The reply should reproduce every line of the data below word for word, minus any images.

**Material provided:**
────────────────────

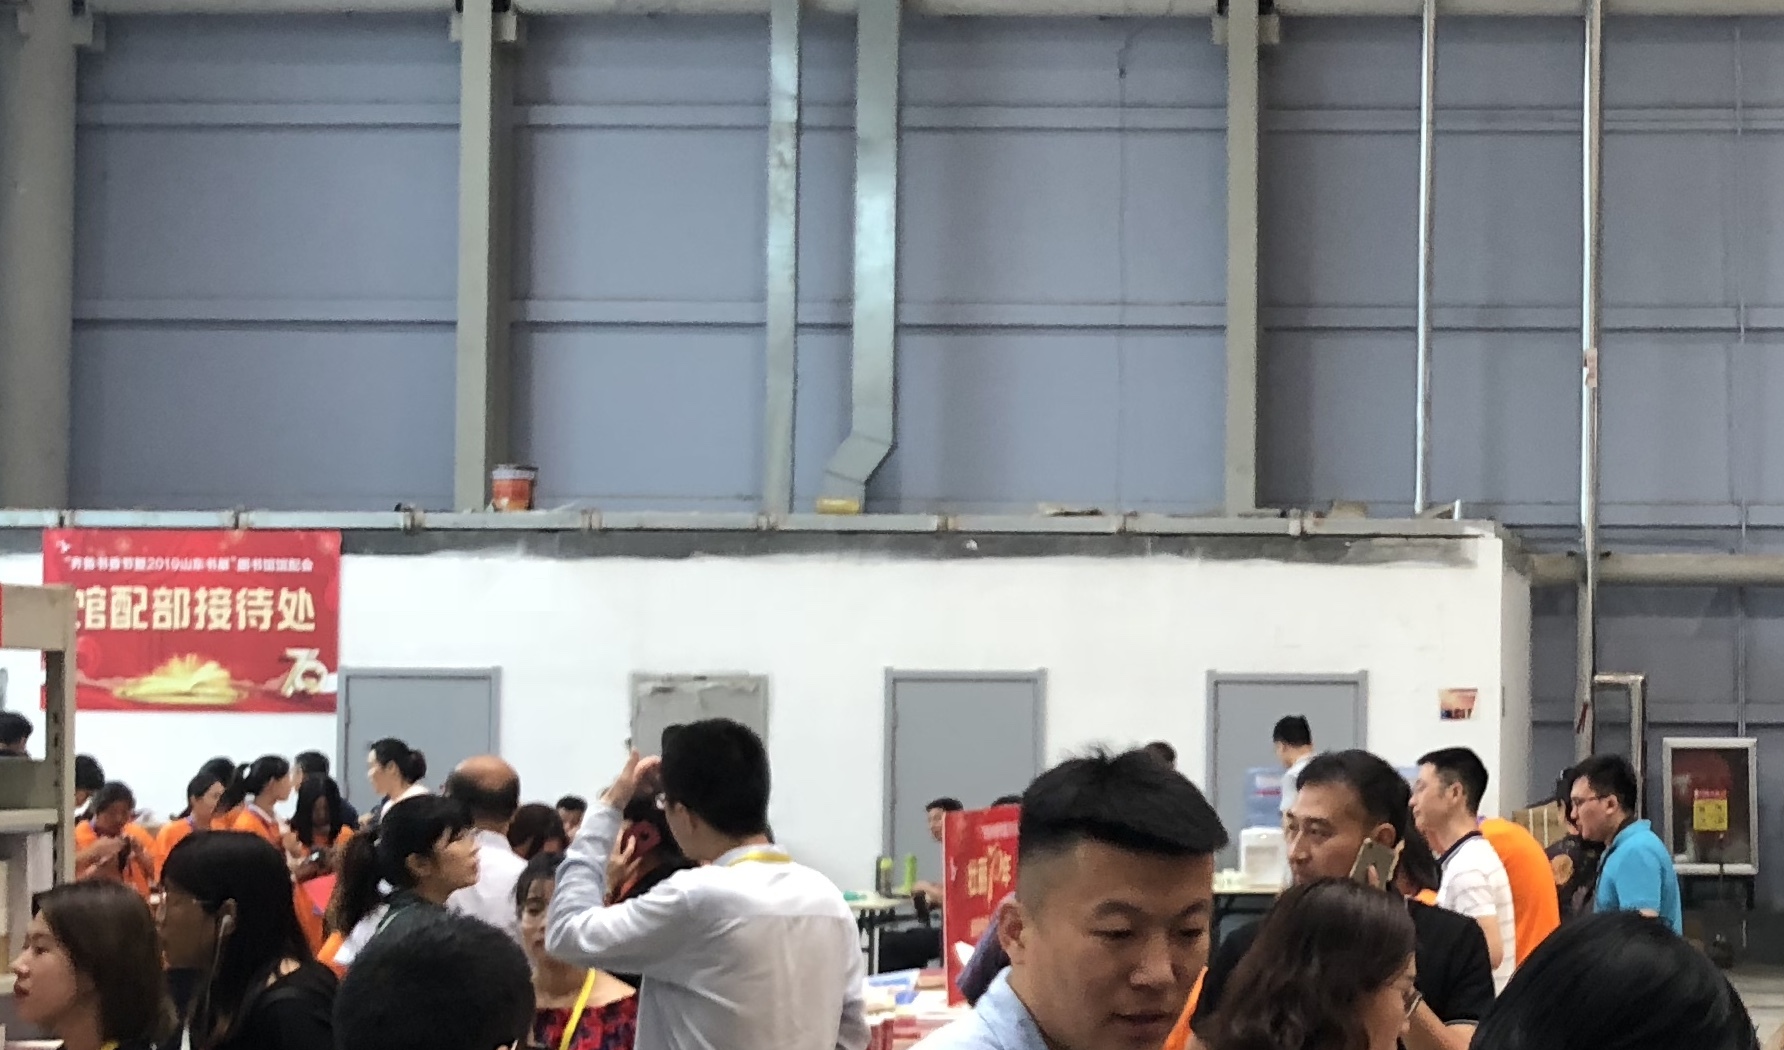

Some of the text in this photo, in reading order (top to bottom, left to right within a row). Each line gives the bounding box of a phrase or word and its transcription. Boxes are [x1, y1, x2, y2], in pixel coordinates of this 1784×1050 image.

[75, 584, 316, 632] 馆配部接待处
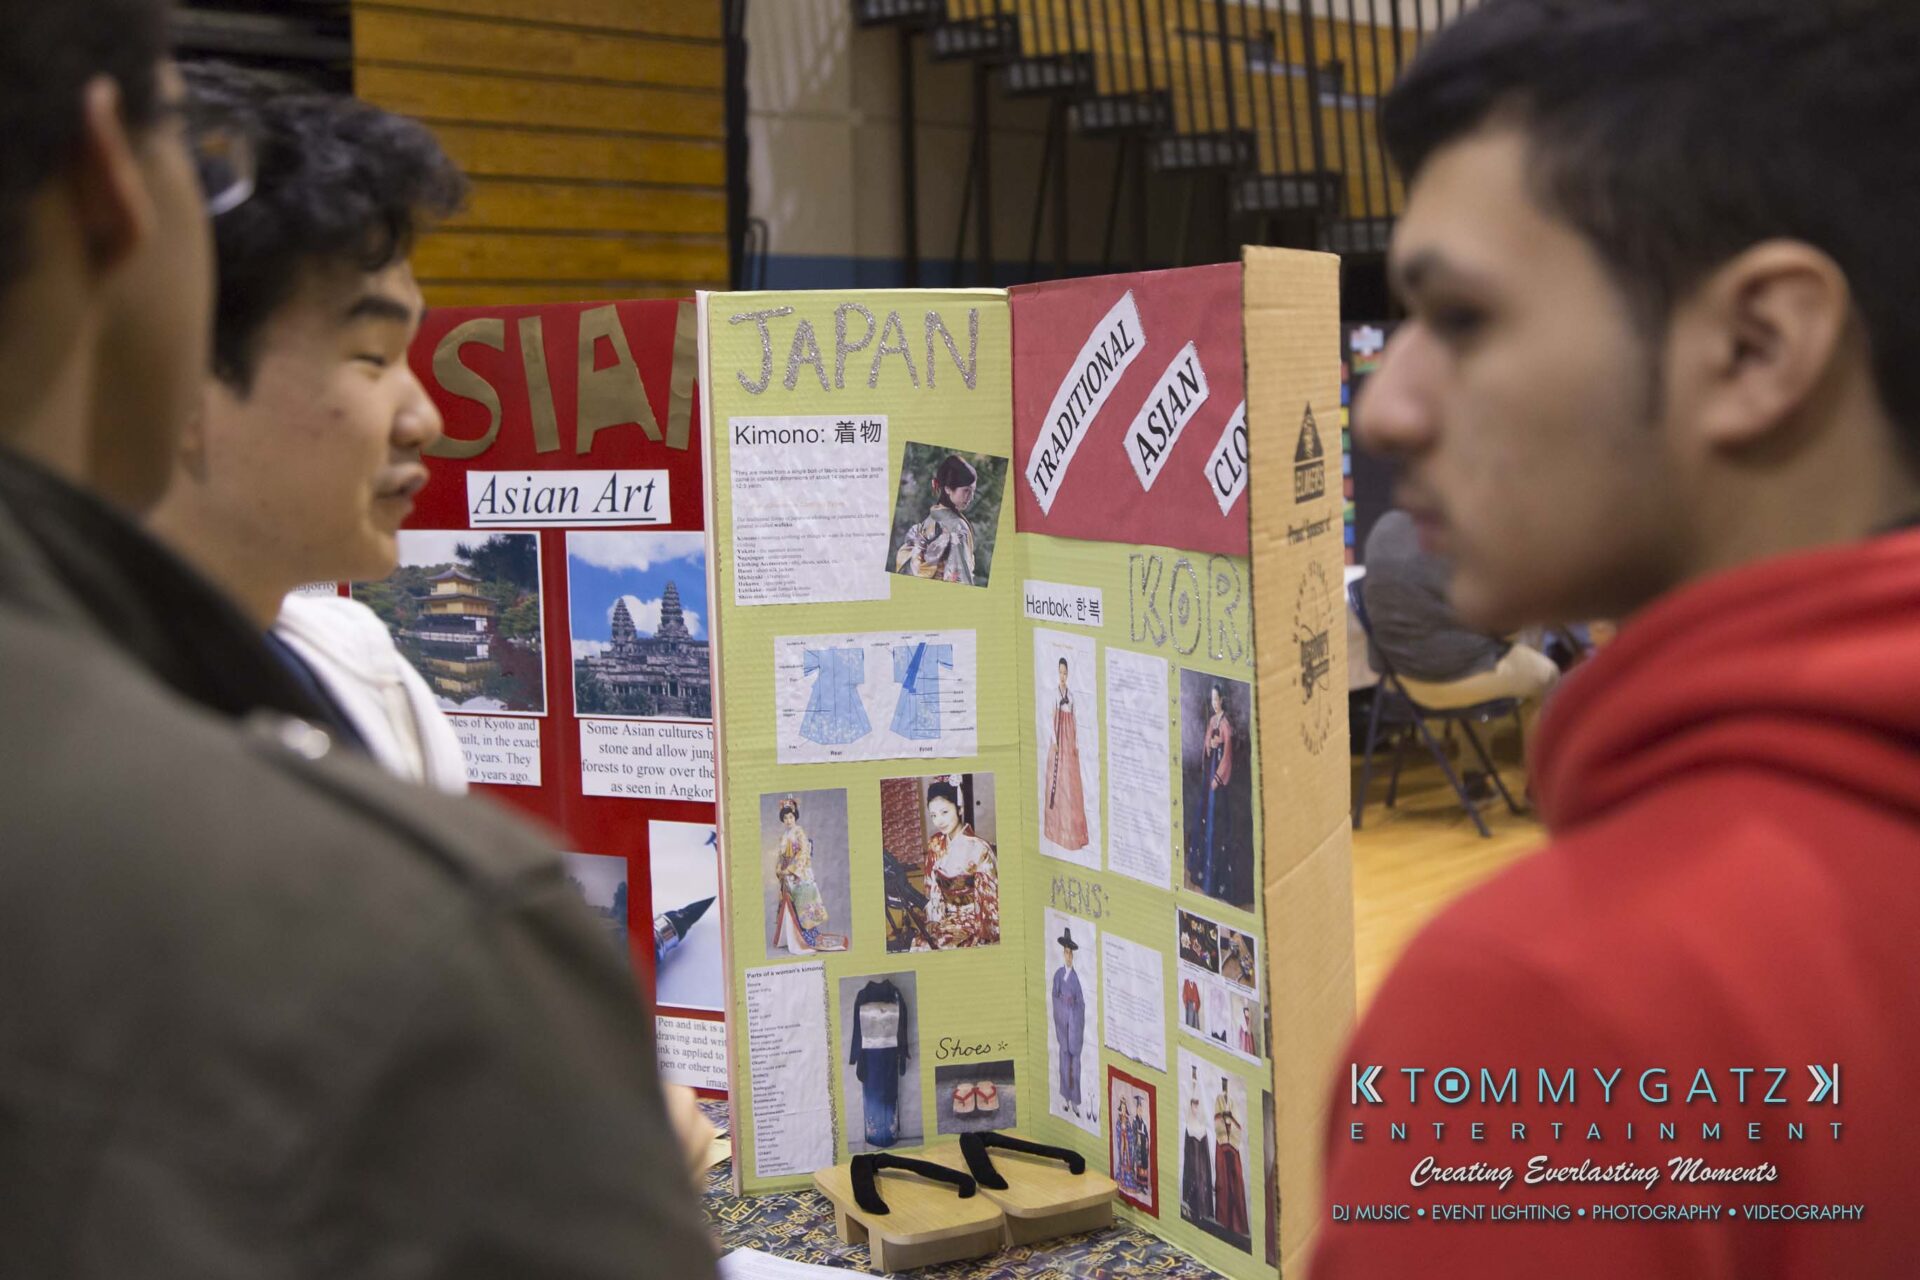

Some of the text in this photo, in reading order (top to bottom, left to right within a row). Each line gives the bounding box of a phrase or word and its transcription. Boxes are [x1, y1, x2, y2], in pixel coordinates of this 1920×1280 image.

[728, 303, 979, 394] JAPAN
[418, 300, 699, 459] SIA
[1033, 319, 1135, 496] TRADITIONAL
[1135, 357, 1201, 476] ASIAN
[735, 425, 825, 445] Kimono:
[834, 420, 882, 444] 着物
[1214, 415, 1248, 497] CLO
[473, 472, 656, 515] Asian Art
[1026, 594, 1072, 619] Hanbok:
[1076, 597, 1100, 623] 한복
[470, 717, 482, 728] of
[484, 717, 515, 732] Kyoto
[518, 720, 536, 731] and
[586, 721, 618, 735] Some
[622, 723, 655, 737] Asian
[658, 725, 704, 739] cultures
[458, 733, 540, 748] uilt, in the exact
[599, 743, 629, 755] stone
[631, 743, 653, 756] and
[656, 744, 688, 757] allow
[506, 752, 531, 767] They
[581, 759, 619, 773] forests
[622, 763, 633, 774] to
[636, 766, 665, 778] grow
[669, 767, 695, 778] over
[610, 782, 714, 801] as seen in Angkor
[658, 1017, 674, 1028] Pen
[676, 1020, 692, 1030] and
[694, 1022, 707, 1031] ink
[709, 1022, 718, 1033] is
[692, 1036, 708, 1046] and
[710, 1038, 726, 1047] wri
[935, 1037, 992, 1060] Shoes
[682, 1048, 714, 1060] applied
[677, 1062, 686, 1070] or
[688, 1061, 711, 1073] other
[712, 1065, 727, 1075] too
[706, 1078, 728, 1089] imag

────────────────────

**Problem solution:**
Some of the text in this photo, in reading order (top to bottom, left to right within a row). Each line gives the bounding box of a phrase or word and its transcription. Boxes are [x1, y1, x2, y2], in pixel coordinates of this 1784×1050 image.

[75, 584, 316, 632] 馆配部接待处

Some of the text in this photo, in reading order (top to bottom, left to right within a row). Each line gives the bounding box of a phrase or word and its transcription. Boxes are [x1, y1, x2, y2], in pixel coordinates of this 1920×1280 image.

[728, 303, 979, 394] JAPAN
[418, 300, 699, 459] SIA
[1033, 319, 1135, 496] TRADITIONAL
[1135, 357, 1201, 476] ASIAN
[735, 425, 825, 445] Kimono:
[834, 420, 882, 444] 着物
[1214, 415, 1248, 497] CLO
[473, 472, 656, 515] Asian Art
[1026, 594, 1072, 619] Hanbok:
[1076, 597, 1100, 623] 한복
[470, 717, 482, 728] of
[484, 717, 515, 732] Kyoto
[518, 720, 536, 731] and
[586, 721, 618, 735] Some
[622, 723, 655, 737] Asian
[658, 725, 704, 739] cultures
[458, 733, 540, 748] uilt, in the exact
[599, 743, 629, 755] stone
[631, 743, 653, 756] and
[656, 744, 688, 757] allow
[506, 752, 531, 767] They
[581, 759, 619, 773] forests
[622, 763, 633, 774] to
[636, 766, 665, 778] grow
[669, 767, 695, 778] over
[610, 782, 714, 801] as seen in Angkor
[658, 1017, 674, 1028] Pen
[676, 1020, 692, 1030] and
[694, 1022, 707, 1031] ink
[709, 1022, 718, 1033] is
[692, 1036, 708, 1046] and
[710, 1038, 726, 1047] wri
[935, 1037, 992, 1060] Shoes
[682, 1048, 714, 1060] applied
[677, 1062, 686, 1070] or
[688, 1061, 711, 1073] other
[712, 1065, 727, 1075] too
[706, 1078, 728, 1089] imag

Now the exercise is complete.